Neonatal tetanus, the form that attacked Zaini, affects 1 million births worldwide and kills around 300,000 children annually, almost entirely in developing nations.

The 2004 tsunami, by comparison, claimed 290,000 lives, and it struck but once.

A vaccine for tetanus exists that can prevent millions of unnecessary deaths. But like most children in Aceh, Zaini never got his jab.

His mother shows no sign of wanting to have him treated, even when every month health officials provide simple treatments for free, just a few kilometers away.

“When my friends’ kids get sick, the doctors give them expensive medicines,” she says, adding it’s the prospect of paying through the nose that prevents her seeking proper treatment for Zaini.

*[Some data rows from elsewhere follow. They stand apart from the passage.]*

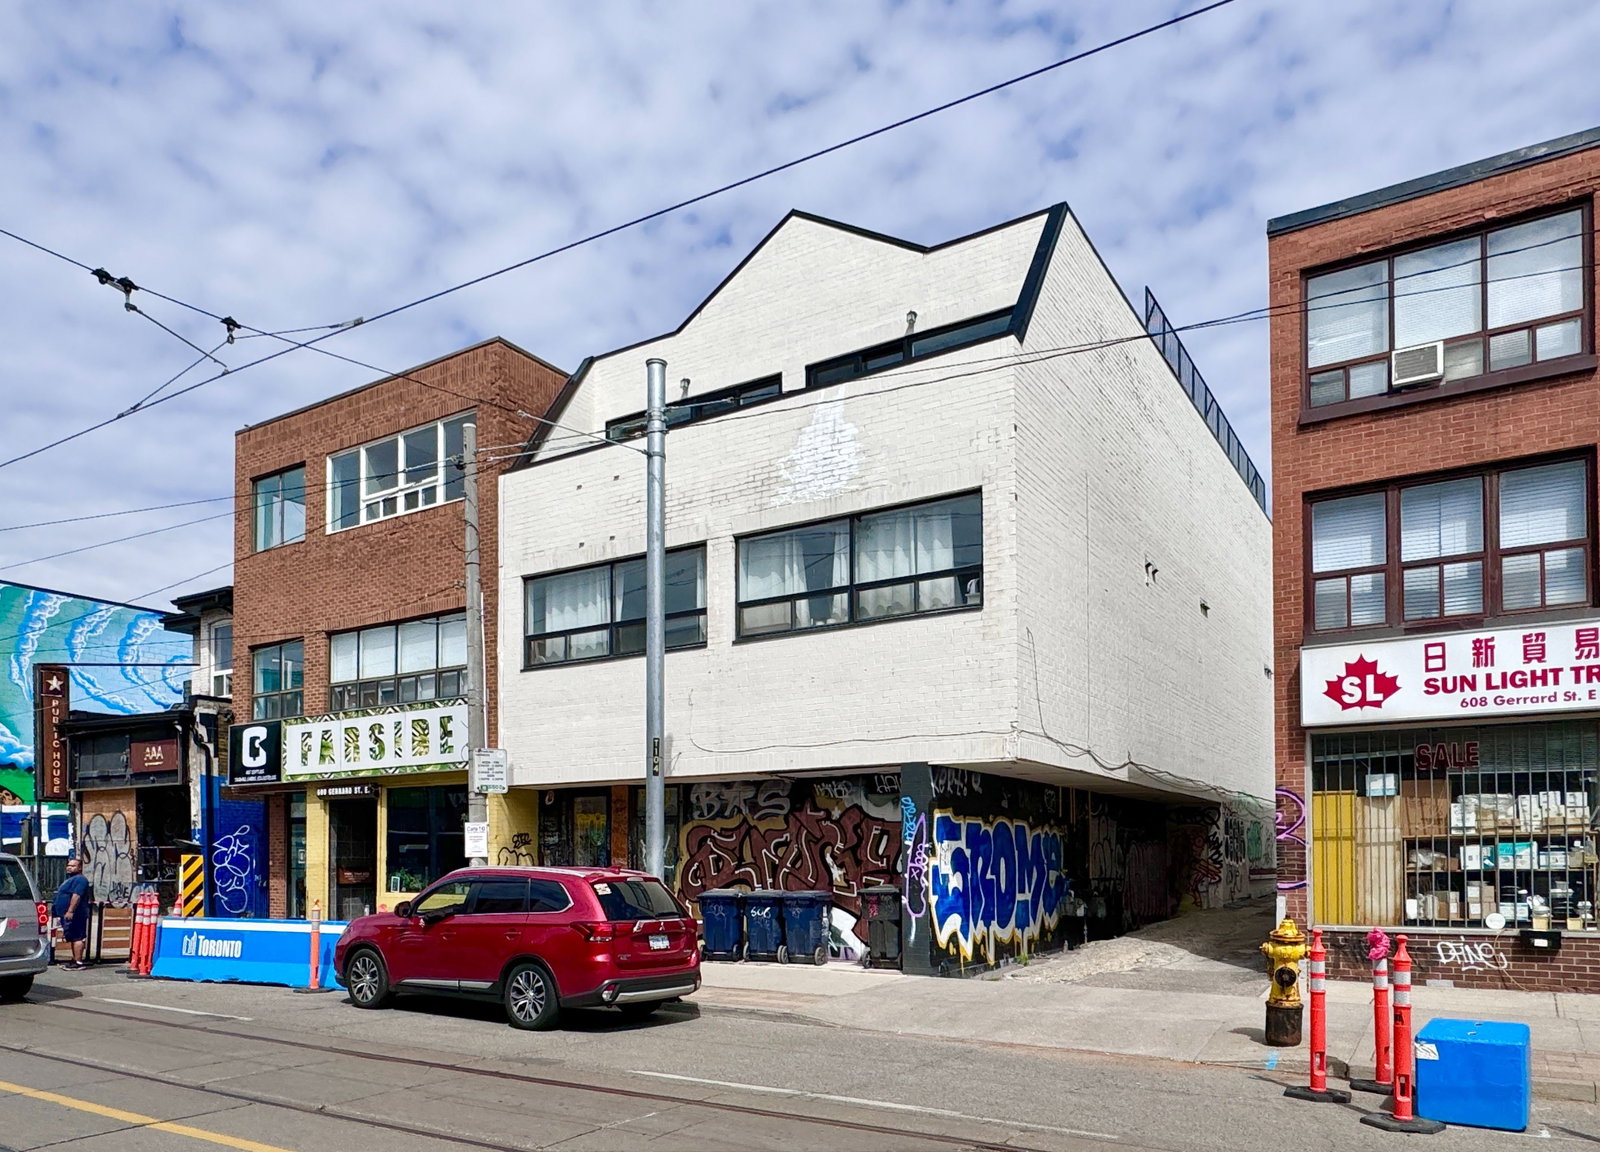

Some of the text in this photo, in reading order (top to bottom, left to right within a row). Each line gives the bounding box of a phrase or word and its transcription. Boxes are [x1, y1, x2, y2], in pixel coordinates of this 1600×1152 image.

[1424, 627, 1600, 673] 日新貿易
[1341, 674, 1384, 704] SL
[1423, 673, 1478, 696] SUN
[1485, 667, 1564, 691] LIGHT
[1460, 696, 1488, 708] 608
[1493, 691, 1558, 706] Gerrard
[1563, 691, 1582, 702] St.
[301, 715, 454, 767] FARSIDE
[1415, 741, 1479, 770] SALE
[52, 751, 61, 794] HOUSE
[197, 935, 243, 958] TORONTO

Encouragement to do so, however, flows in from fellow mothers, especially those working as healthcare volunteers.

Rawati and Ipah Zuhra are among two such volunteers in the village. For five years they have worked together to raise public awareness about health issues, back when they were still living in an evacuation camp. In those days, aid groups found it hard to get people willing to volunteer for health causes. The two signed up, although their reasons were quite unusual.

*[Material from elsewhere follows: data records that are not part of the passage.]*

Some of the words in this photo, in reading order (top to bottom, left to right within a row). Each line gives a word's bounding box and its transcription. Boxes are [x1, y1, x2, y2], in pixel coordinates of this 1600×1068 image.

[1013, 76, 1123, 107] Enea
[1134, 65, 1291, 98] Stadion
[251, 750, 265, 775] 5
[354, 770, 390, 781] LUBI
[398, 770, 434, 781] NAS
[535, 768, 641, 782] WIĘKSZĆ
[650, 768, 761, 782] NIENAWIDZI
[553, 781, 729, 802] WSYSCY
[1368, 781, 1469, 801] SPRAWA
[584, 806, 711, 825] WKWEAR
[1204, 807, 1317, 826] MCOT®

For Rawati, the gig meant she could finally learn to write, while for Ipah, it was the opposite: she could write already but, oddly enough, she couldn’t read. So they joined forces. In the field, Ipah would read whatever instructions had been given to them, and Rawati would write down anything that needed to be recorded. The two taught each other.

Having already mastered both skills, they keep volunteering because they understand the importance of educating the villagers, and of breaking the age-old beliefs that pose serious health threats if allowed to persist.

Take breast-feeding. While it’s almost universally acknowledged that babies, in normal conditions, must be breast-fed exclusively for at least the first six months, mothers in Aceh often give their newborns a softened paste of rice and bananas as early as the first day.

“They do it when their babies cry,” says Ayu, a World Vision manager for Aceh Jaya. Born and raised in Aceh, Ayu received that very treatment herself as a baby.

“Parents think babies are hungry when they cry. And they think breast milk just won’t do,” she continues. “So they feed them something more, you know, solid. More filling. Things that babies aren’t ready for.”

Rawati, a mother of four, used to do that too, “before I knew it was wrong”. Now she only breast-feeds her baby. This wasn’t easy at first.

“My mother-in-law, who’s a renowned shaman, told me to give the baby bananas,” she says. “I couldn’t outright refuse, nor could my husband, who agrees with me. So I bought bananas and got the other kids to eat them while she wasn’t around. It worked!”

Persuading mothers to do as health officials advise is not without its challenges.

“It takes a whole lot of coaxing and incentives, like free food, to get them to even come to the health post with their kids once a month, so imagine what it’d take to get them to change their feeding habits,” Ipah says. “Eventually, though, we start earning their trust.”

She says this is most apparent in the habit among many mothers now to bathe their babies as soon as they’re awake.

“It’s a small thing, but it builds up from there,” Rawati says.

Ipah lauds the efforts by the many NGOs focusing on health issues in her village, adding she is determined to keep championing the cause, “even if there’s no more help from outside”.

But there will be.

“World Vision and our partners will continue to empower the people, though not always financially,” Ayu says. “But we can’t do this alone.”

With 6 million children to save by 2015, aid must go hand in hand with growing public awareness. Only then can the world stop future generations from suffering and dying from preventable diseases.

Let Zaini be the constant reminder that there is still much work to do.